Relator appealed that dismissal and, in Stewart I, we reversed and remanded. Our disposition turned on when relator's application was deemed complete within the meaning of ORS 227.182(2). After analyzing the relevant statutes, we concluded that relator was correct:
“[R]elator submitted an application for a partition in October 2008, after which the city, pursuant to ORS 227.178(2), informed him that additional information was needed. On December 2, 2008, the city received a letter from relator that included the information required to deem his application complete under ORS 227.178(2)(b), including a written request by relator that the city ‘consider my application complete by operation of law.’ Relator did not, at any time, request an extension of the 120–day deadline pursuant to ORS 227.178(5). Relator's voicemail response to the city's December 4 letter clarified that he wished to proceed with his first proposed plan, which already had a ‘deemed complete’ date of December 2. Relator's application was thus complete on December 2, setting the 120–day deadline for April 1, 2009. Because the city had not yet taken final action on relator's application by April 1, relator's mandamus petition was properly filed pursuant to ORS 227.179(1). The trial court erred in dismissing relator's petition for writ of mandamus.”
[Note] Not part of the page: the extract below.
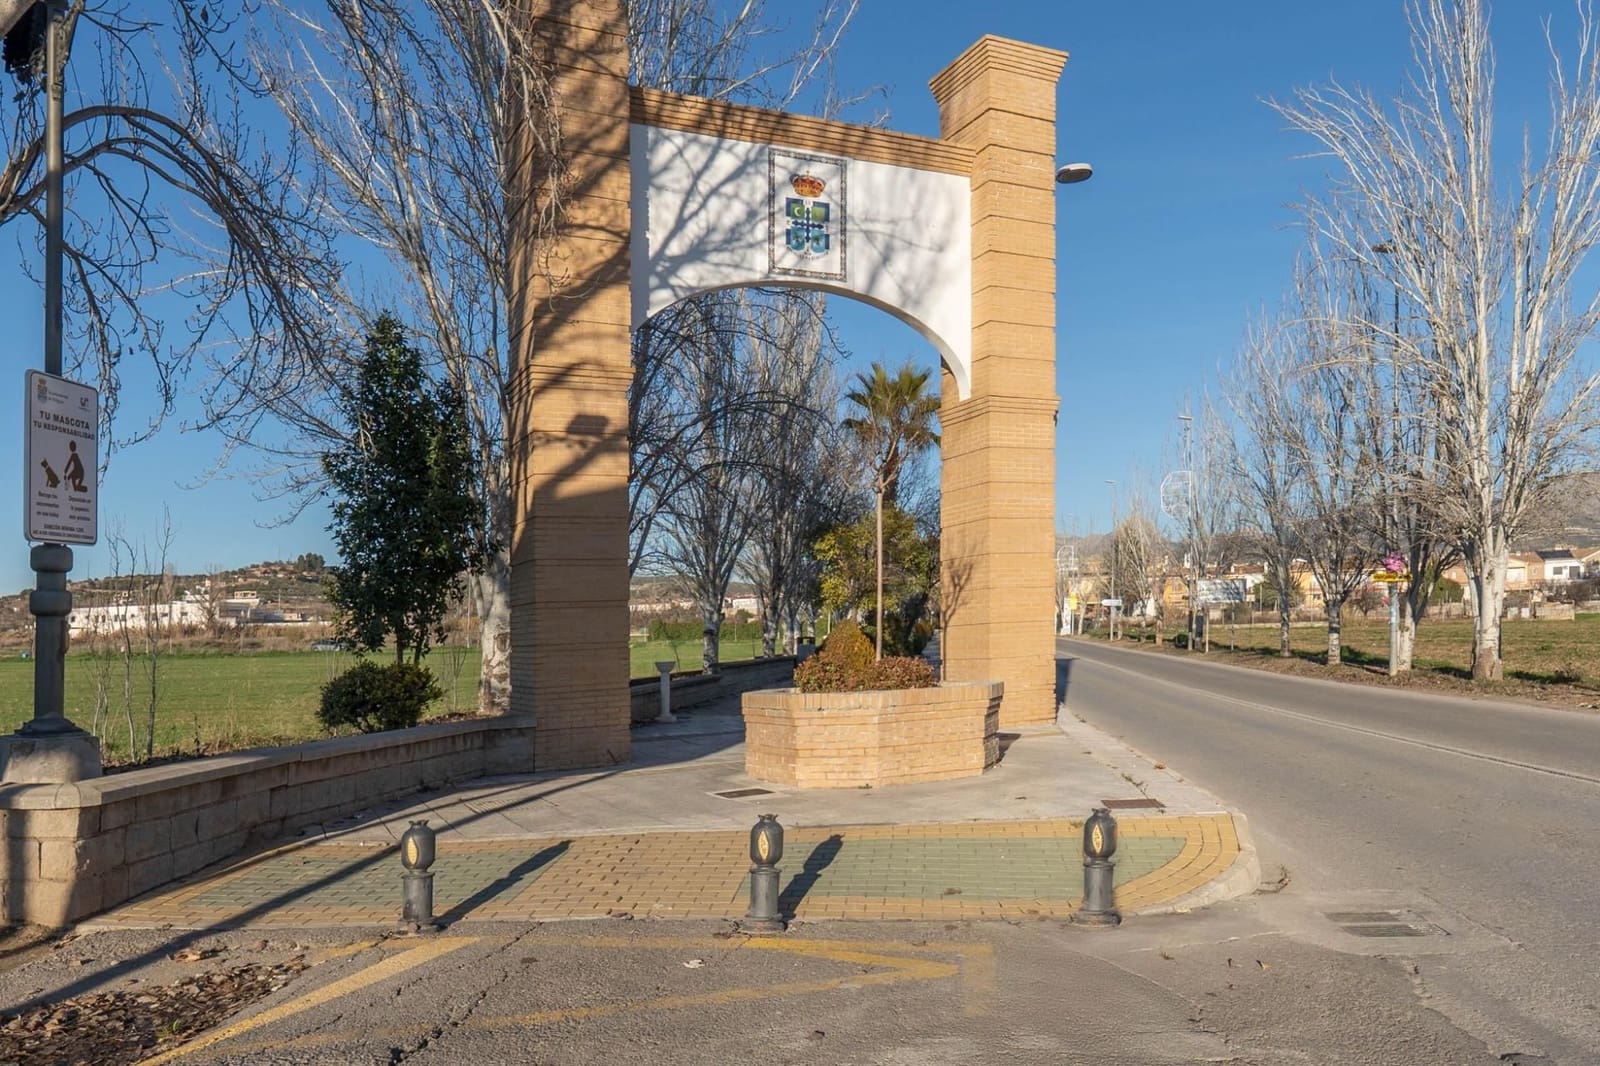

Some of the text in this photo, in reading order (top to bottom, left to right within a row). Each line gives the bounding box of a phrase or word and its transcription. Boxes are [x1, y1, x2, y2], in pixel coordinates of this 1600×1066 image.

[33, 420, 95, 440] TU RESPONSABILIDAD
[40, 410, 90, 430] TU MASCOTA
Stewart I, 241 Or.App. at 535–36.
Accordingly, we reversed the judgment dismissing the petition and remanded the case for the trial court to issue the writ. After our opinion in Stewart I issued, relator petitioned for an award of his appellate attorney fees, which we granted without amplification.
Following our remand, the city asserted, as an affirmative defense, that approval of relator's application would result in a substantive violation of the Salem City Code and that the writ should not issue for that reason. The parties also sparred over which conditions of approval should be specified in the peremptory writ. See ORS 227.179(5) (“The court shall issue a peremptory writ unless the governing body * * * shows that the approval would violate a substantive provision of the local comprehensive plan or land use regulations * * *. The writ may specify conditions of approval that would otherwise be allowed by the local comprehensive plan or land use regulations.”). The trial court ultimately issued a peremptory writ directing the city to approve relator's partition plan, subject to certain conditions.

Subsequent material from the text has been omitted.